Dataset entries
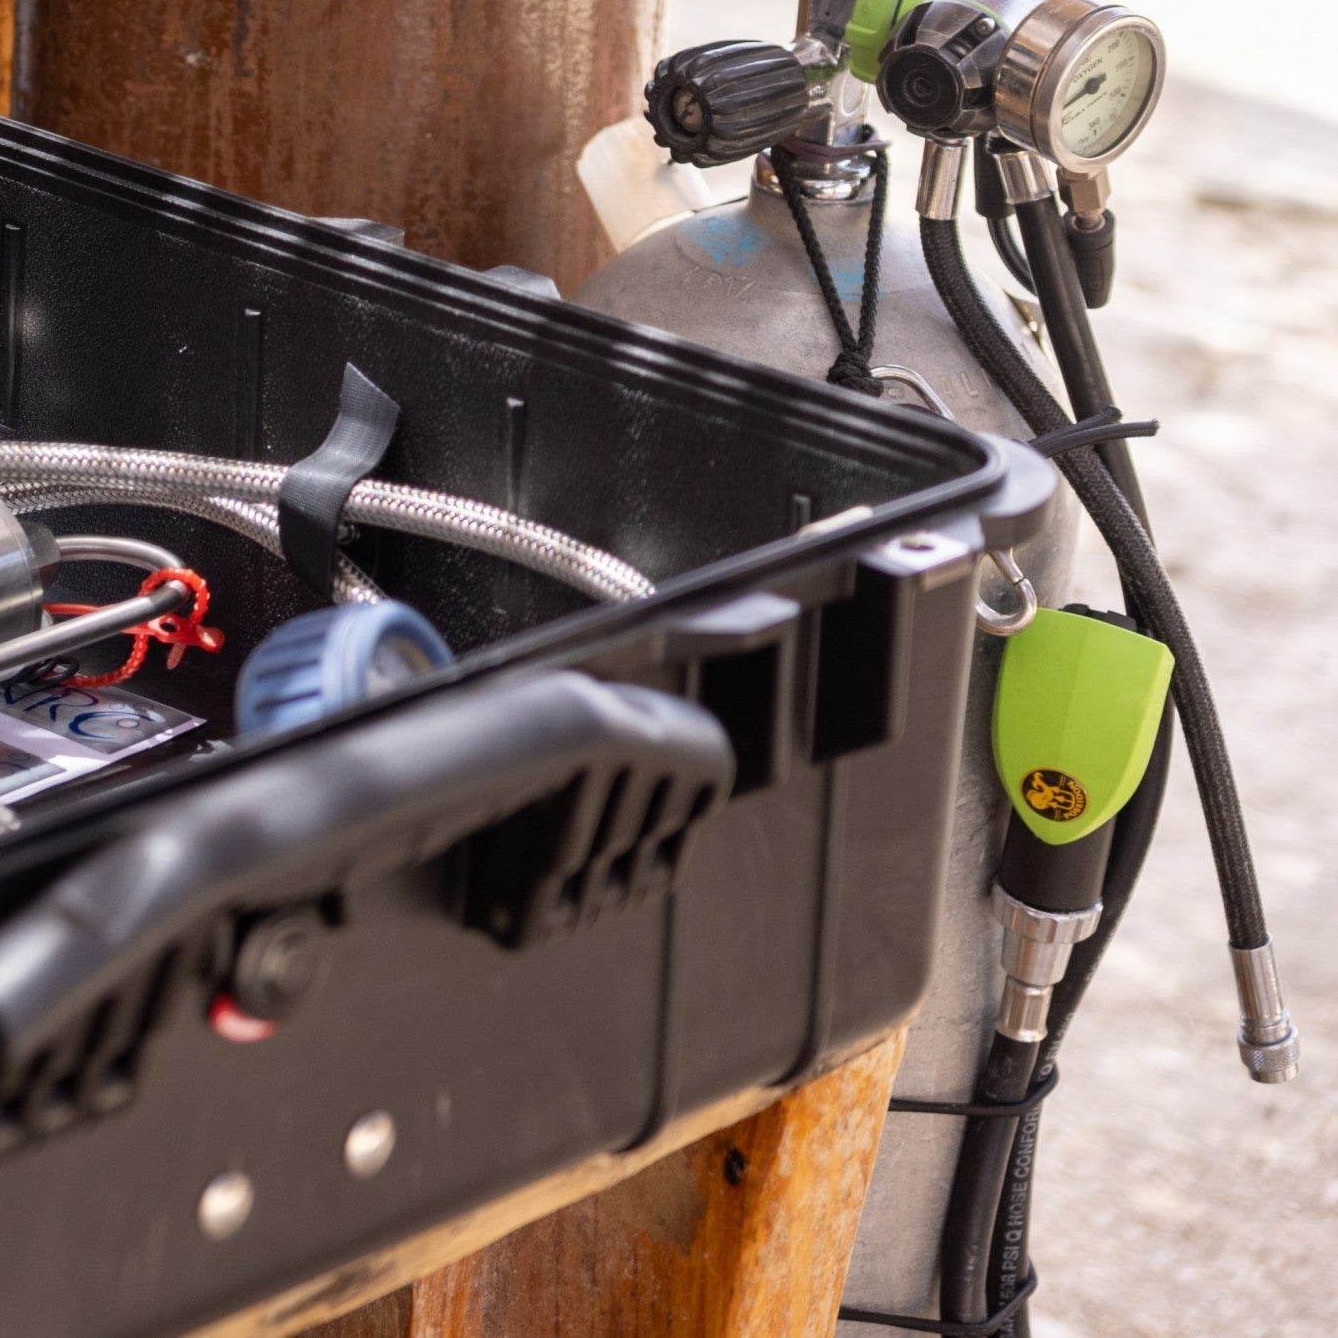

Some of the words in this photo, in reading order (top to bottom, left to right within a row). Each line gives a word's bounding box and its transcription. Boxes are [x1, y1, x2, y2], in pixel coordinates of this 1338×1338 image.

[1074, 57, 1103, 83] OXYGEN
[1006, 1181, 1029, 1227] HOSE
[1005, 1228, 1023, 1243] Q
[1002, 1245, 1020, 1271] PSI

• TASK DETAILS
Copy each of the entries above precisely, and drop whatever pictures they hold.

• EXERCISE RESULT
Some of the words in this photo, in reading order (top to bottom, left to right within a row). Each line gives a word's bounding box and its transcription. Boxes are [x1, y1, x2, y2], in pixel coordinates of this 1338×1338 image.

[1074, 57, 1103, 83] OXYGEN
[1006, 1181, 1029, 1227] HOSE
[1005, 1228, 1023, 1243] Q
[1002, 1245, 1020, 1271] PSI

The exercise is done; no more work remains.